** RECORD EXCERPTS follows **

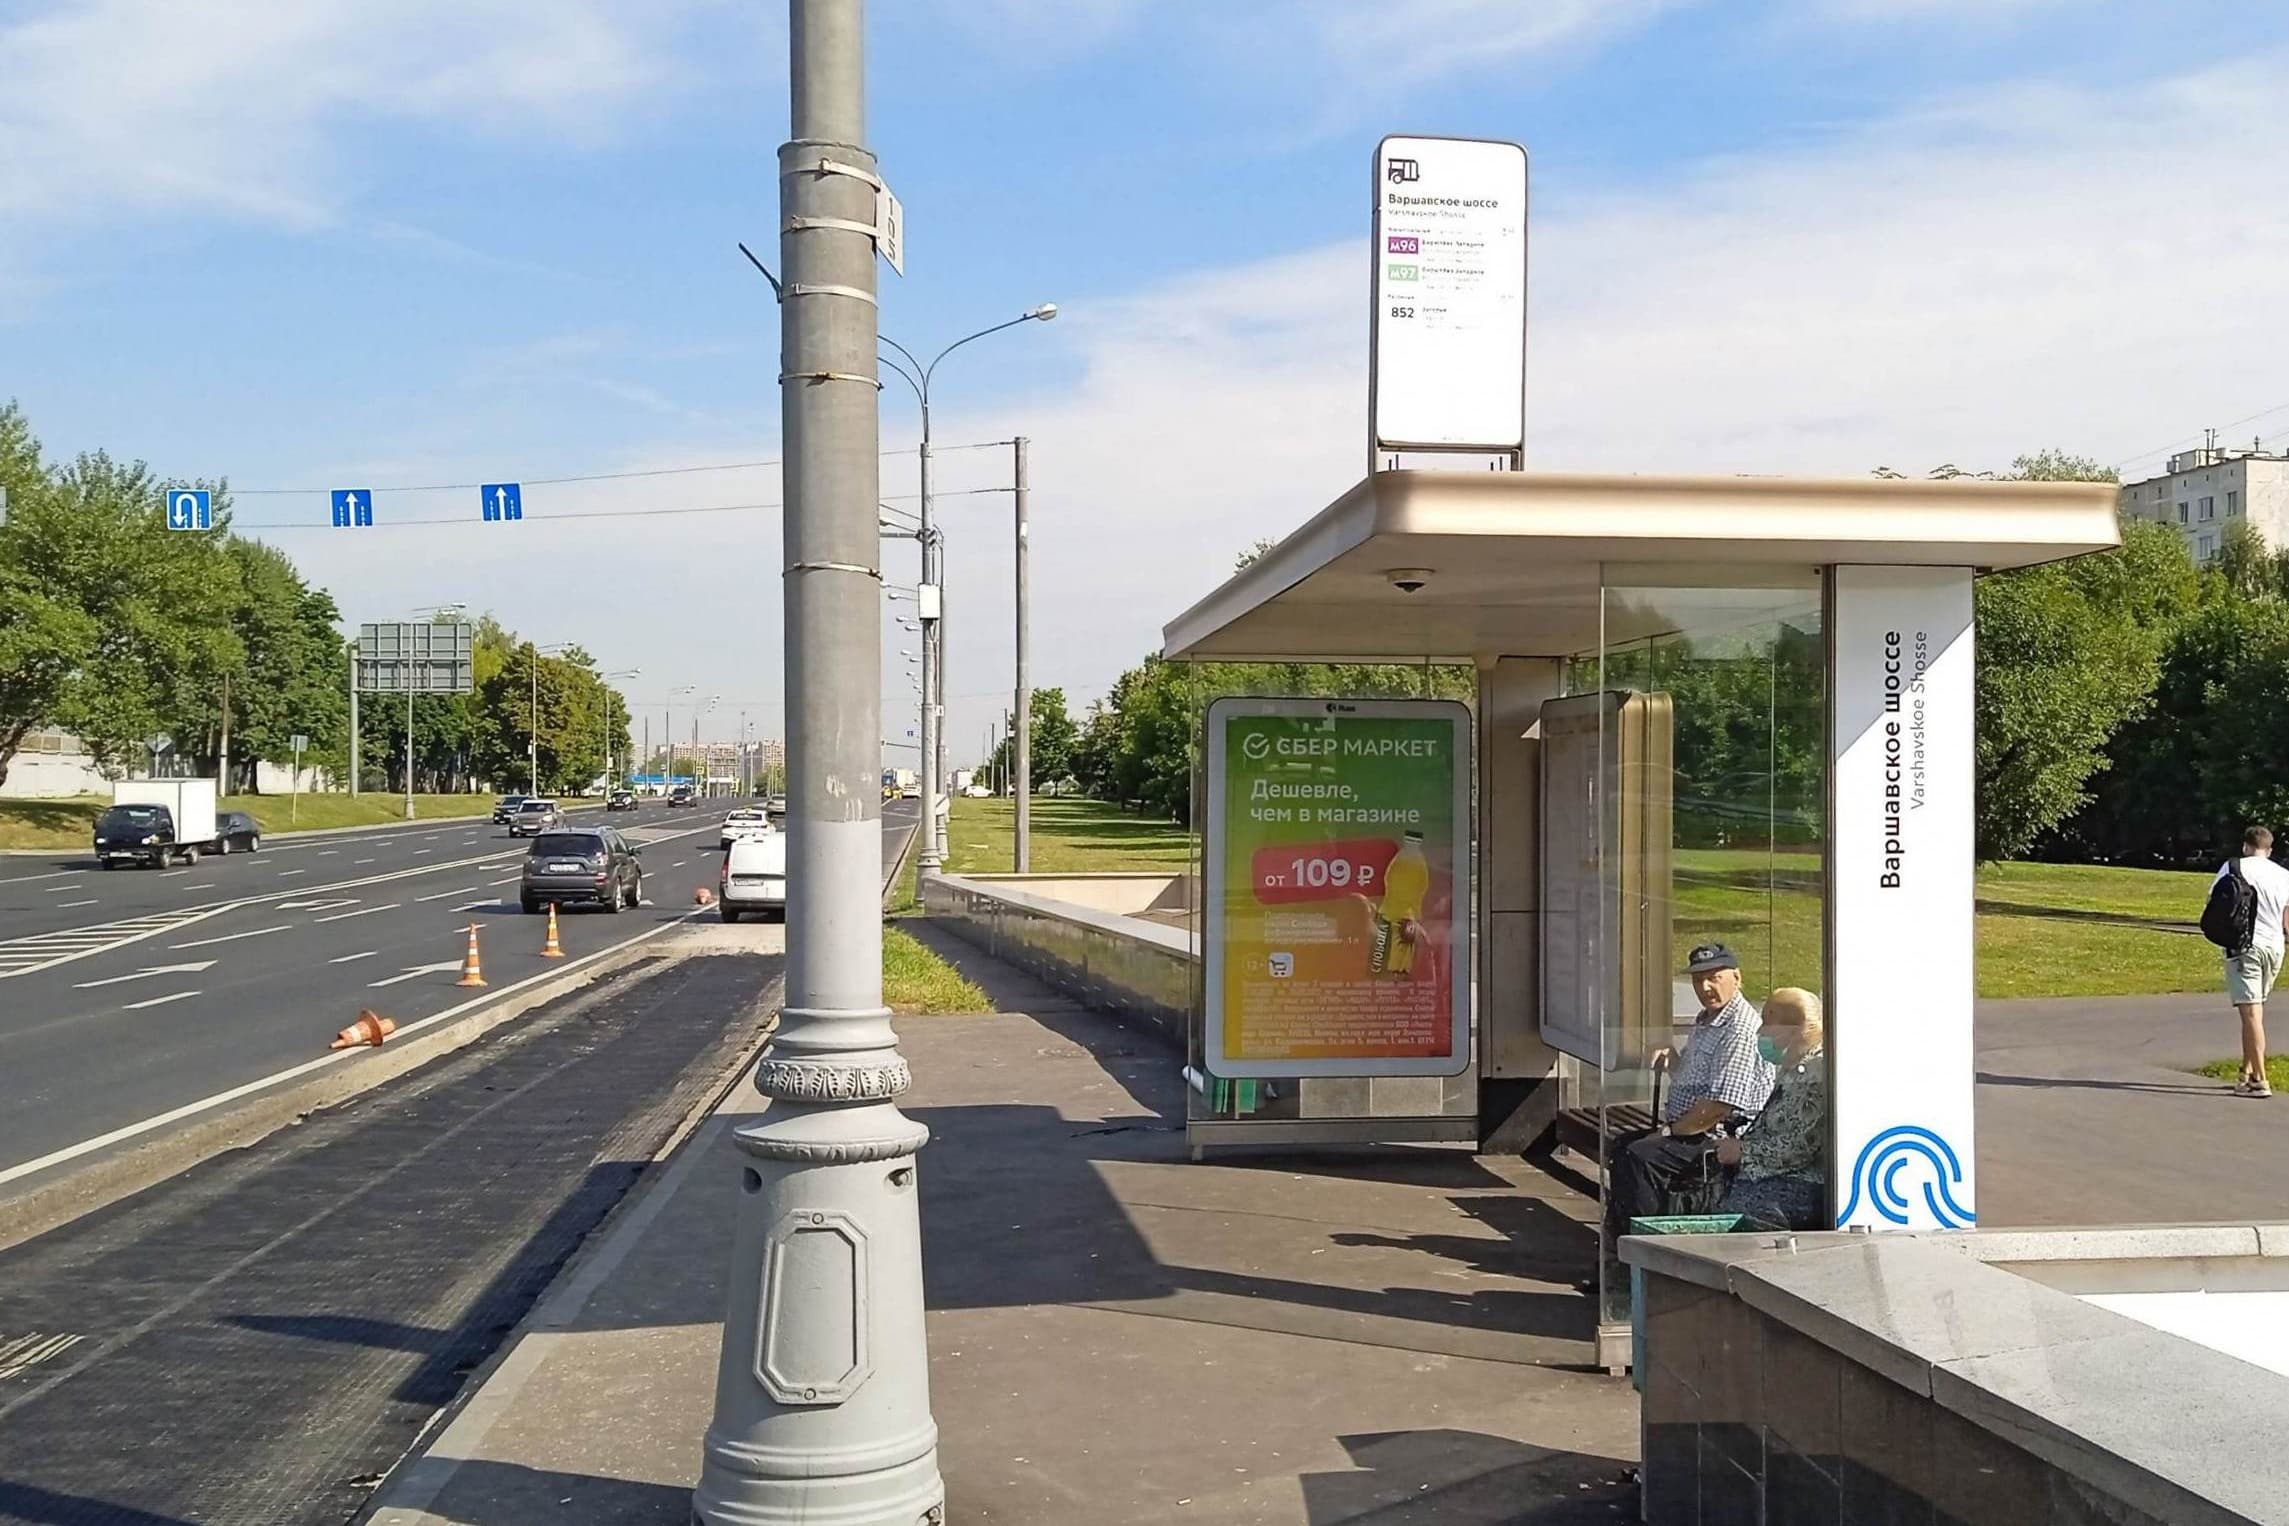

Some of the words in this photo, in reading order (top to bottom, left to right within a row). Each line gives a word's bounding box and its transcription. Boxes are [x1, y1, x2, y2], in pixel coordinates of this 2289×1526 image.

[1388, 193, 1460, 207] Варшавское
[1463, 199, 1499, 208] шоссе
[1391, 307, 1415, 319] 852
[1884, 631, 1901, 712] шоссе
[1909, 631, 1928, 694] Shosse
[1276, 737, 1338, 755] СБЕР
[1344, 738, 1437, 757] МАРКЕТ
[1909, 699, 1926, 810] Varshavskoe
[1250, 779, 1359, 802] Дешевле,
[1250, 807, 1291, 822] чем
[1299, 808, 1311, 822] в
[1317, 808, 1421, 823] магазине
[1880, 721, 1905, 889] Варшавское
[1264, 875, 1286, 887] от
[1291, 858, 1351, 887] 109
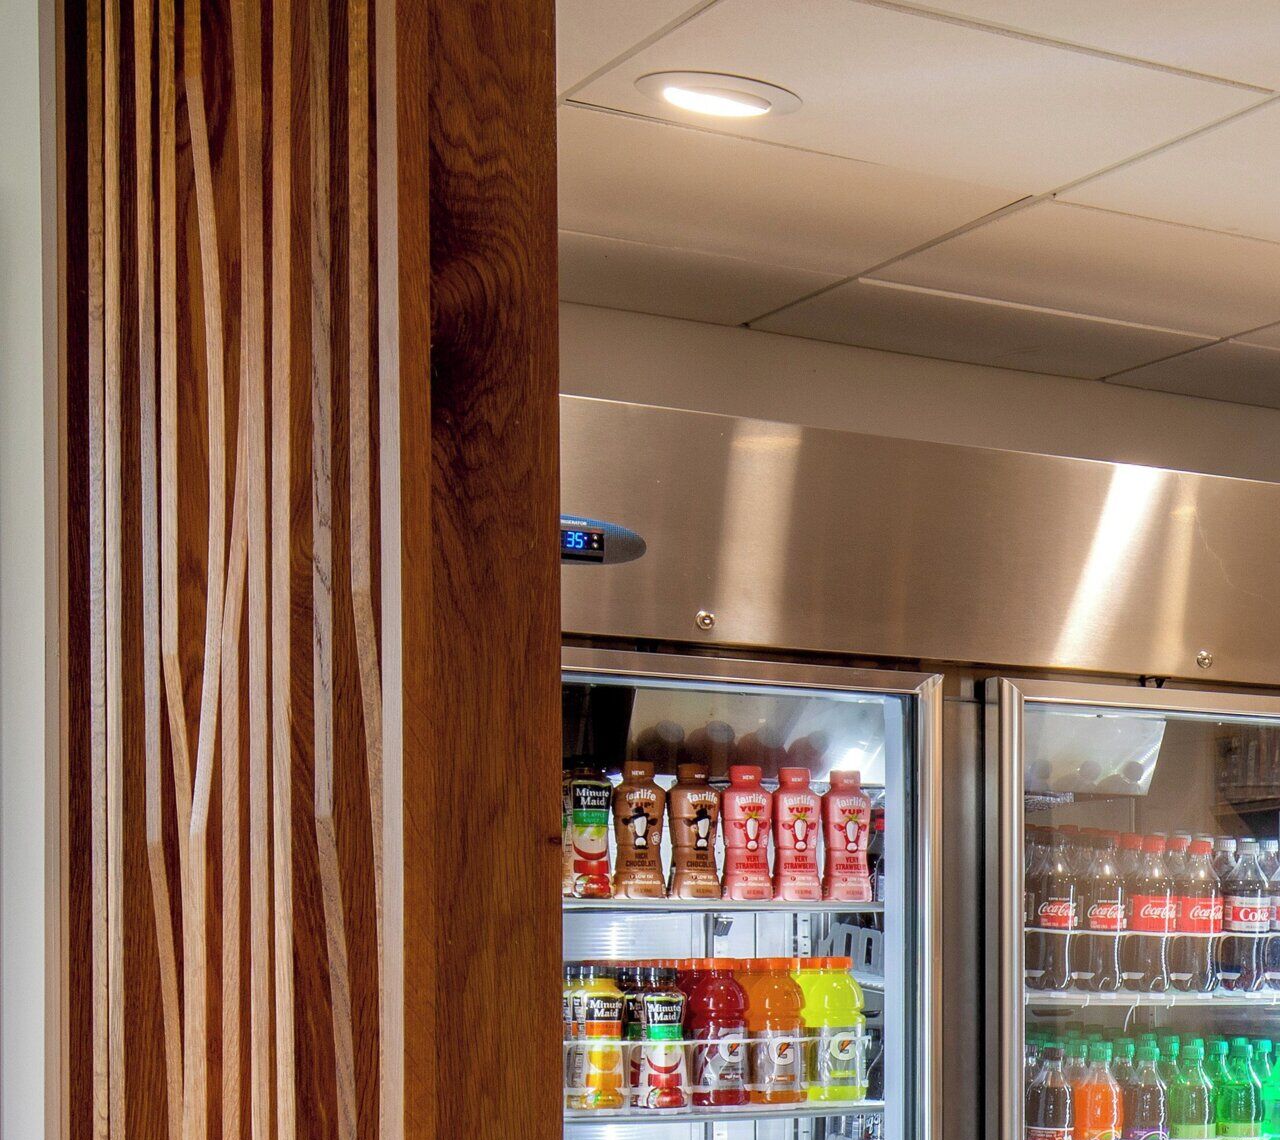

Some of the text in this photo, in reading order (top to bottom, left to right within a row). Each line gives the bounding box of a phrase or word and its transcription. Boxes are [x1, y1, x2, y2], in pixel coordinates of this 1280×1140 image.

[576, 788, 610, 797] Minute
[687, 792, 718, 803] fairlife
[580, 797, 607, 806] Maid
[735, 795, 767, 806] fairlife
[784, 796, 815, 806] fairlife
[836, 797, 867, 808] fairlife
[739, 805, 765, 813] YUP!
[788, 806, 813, 814] YUP!
[1239, 907, 1269, 921] Coke
[590, 1000, 622, 1009] Minute
[648, 1003, 681, 1013] Minute
[594, 1008, 619, 1018] Maid
[654, 1012, 677, 1021] Maid

** End of RECORD EXCERPTS **

▸ WORK ORDER
Restate it all word for word: every record, no pictures.

▸ FINISHED TASK
Some of the words in this photo, in reading order (top to bottom, left to right within a row). Each line gives a word's bounding box and its transcription. Boxes are [x1, y1, x2, y2], in pixel coordinates of this 2289×1526 image.

[1388, 193, 1460, 207] Варшавское
[1463, 199, 1499, 208] шоссе
[1391, 307, 1415, 319] 852
[1884, 631, 1901, 712] шоссе
[1909, 631, 1928, 694] Shosse
[1276, 737, 1338, 755] СБЕР
[1344, 738, 1437, 757] МАРКЕТ
[1909, 699, 1926, 810] Varshavskoe
[1250, 779, 1359, 802] Дешевле,
[1250, 807, 1291, 822] чем
[1299, 808, 1311, 822] в
[1317, 808, 1421, 823] магазине
[1880, 721, 1905, 889] Варшавское
[1264, 875, 1286, 887] от
[1291, 858, 1351, 887] 109

Some of the text in this photo, in reading order (top to bottom, left to right within a row). Each line gives the bounding box of a phrase or word and its transcription. Boxes are [x1, y1, x2, y2], in pixel coordinates of this 1280×1140 image.

[576, 788, 610, 797] Minute
[687, 792, 718, 803] fairlife
[580, 797, 607, 806] Maid
[735, 795, 767, 806] fairlife
[784, 796, 815, 806] fairlife
[836, 797, 867, 808] fairlife
[739, 805, 765, 813] YUP!
[788, 806, 813, 814] YUP!
[1239, 907, 1269, 921] Coke
[590, 1000, 622, 1009] Minute
[648, 1003, 681, 1013] Minute
[594, 1008, 619, 1018] Maid
[654, 1012, 677, 1021] Maid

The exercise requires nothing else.